Stored records:
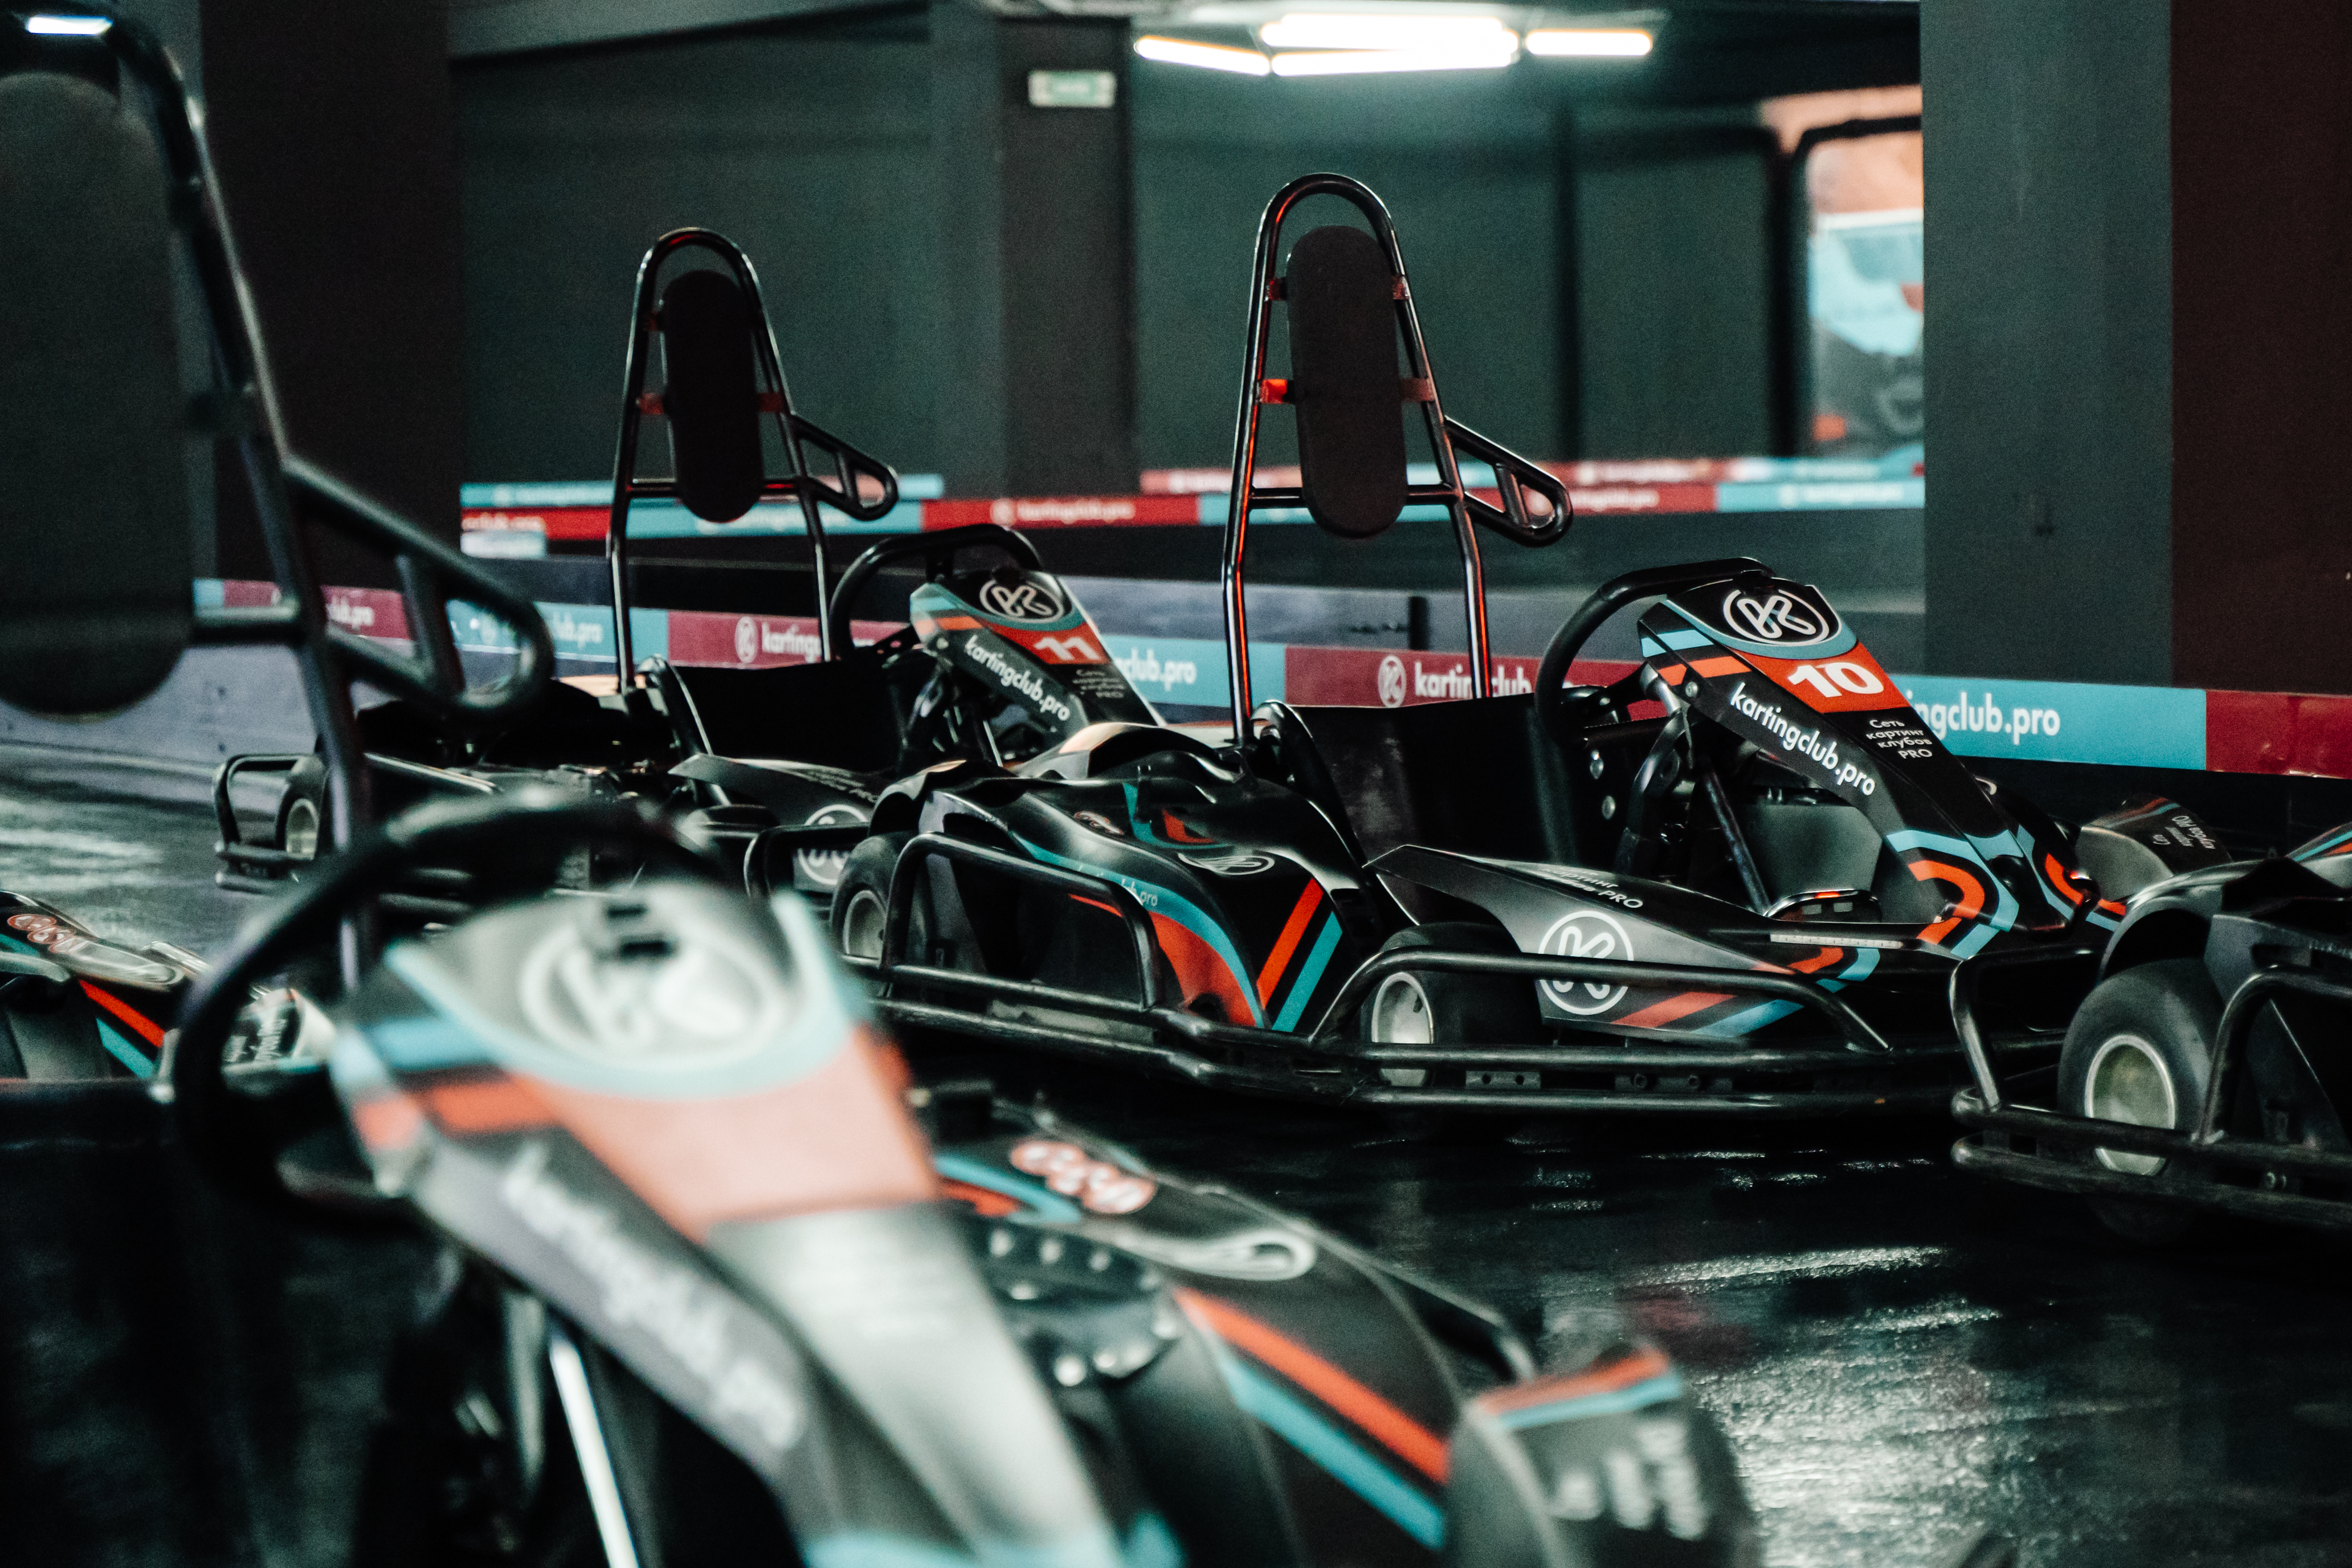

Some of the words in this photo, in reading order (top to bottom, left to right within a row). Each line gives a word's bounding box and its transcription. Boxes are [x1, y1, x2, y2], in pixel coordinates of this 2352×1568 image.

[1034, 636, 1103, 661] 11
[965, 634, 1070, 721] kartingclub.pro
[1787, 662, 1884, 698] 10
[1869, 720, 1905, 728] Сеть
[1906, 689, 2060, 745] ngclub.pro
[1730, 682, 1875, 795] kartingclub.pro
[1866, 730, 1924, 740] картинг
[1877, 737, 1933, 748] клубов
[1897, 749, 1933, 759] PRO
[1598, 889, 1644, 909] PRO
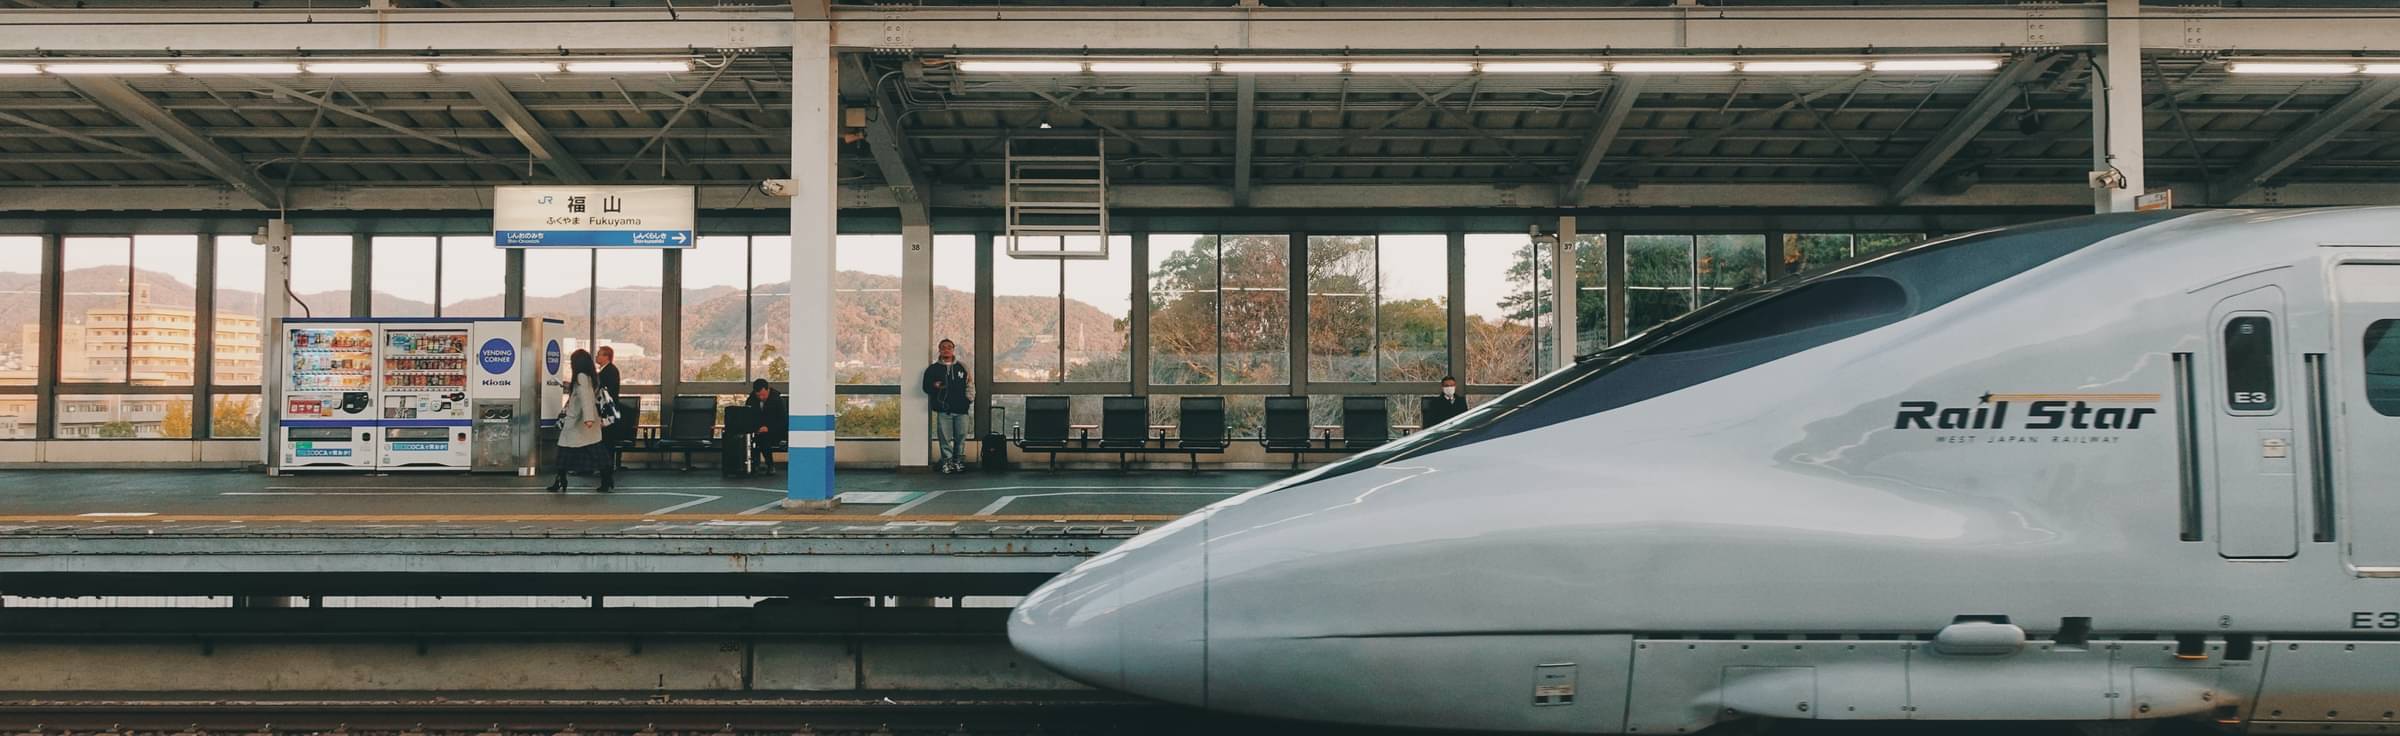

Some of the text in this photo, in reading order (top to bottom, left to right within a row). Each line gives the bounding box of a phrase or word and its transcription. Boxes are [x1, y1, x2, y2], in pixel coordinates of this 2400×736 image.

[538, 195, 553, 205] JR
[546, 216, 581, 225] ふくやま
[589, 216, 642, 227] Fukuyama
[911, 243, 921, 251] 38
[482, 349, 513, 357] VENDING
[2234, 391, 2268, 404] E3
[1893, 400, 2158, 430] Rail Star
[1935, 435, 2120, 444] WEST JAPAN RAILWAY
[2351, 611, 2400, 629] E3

#### [Exercise instructions]
Repeat every line of the data above exactly, but drop the pictures.

#### [Result of the task]
Some of the words in this photo, in reading order (top to bottom, left to right within a row). Each line gives a word's bounding box and its transcription. Boxes are [x1, y1, x2, y2], in pixel coordinates of this 2352×1568 image.

[1034, 636, 1103, 661] 11
[965, 634, 1070, 721] kartingclub.pro
[1787, 662, 1884, 698] 10
[1869, 720, 1905, 728] Сеть
[1906, 689, 2060, 745] ngclub.pro
[1730, 682, 1875, 795] kartingclub.pro
[1866, 730, 1924, 740] картинг
[1877, 737, 1933, 748] клубов
[1897, 749, 1933, 759] PRO
[1598, 889, 1644, 909] PRO

Some of the text in this photo, in reading order (top to bottom, left to right within a row). Each line gives the bounding box of a phrase or word and its transcription. Boxes are [x1, y1, x2, y2], in pixel coordinates of this 2400×736 image.

[538, 195, 553, 205] JR
[546, 216, 581, 225] ふくやま
[589, 216, 642, 227] Fukuyama
[911, 243, 921, 251] 38
[482, 349, 513, 357] VENDING
[2234, 391, 2268, 404] E3
[1893, 400, 2158, 430] Rail Star
[1935, 435, 2120, 444] WEST JAPAN RAILWAY
[2351, 611, 2400, 629] E3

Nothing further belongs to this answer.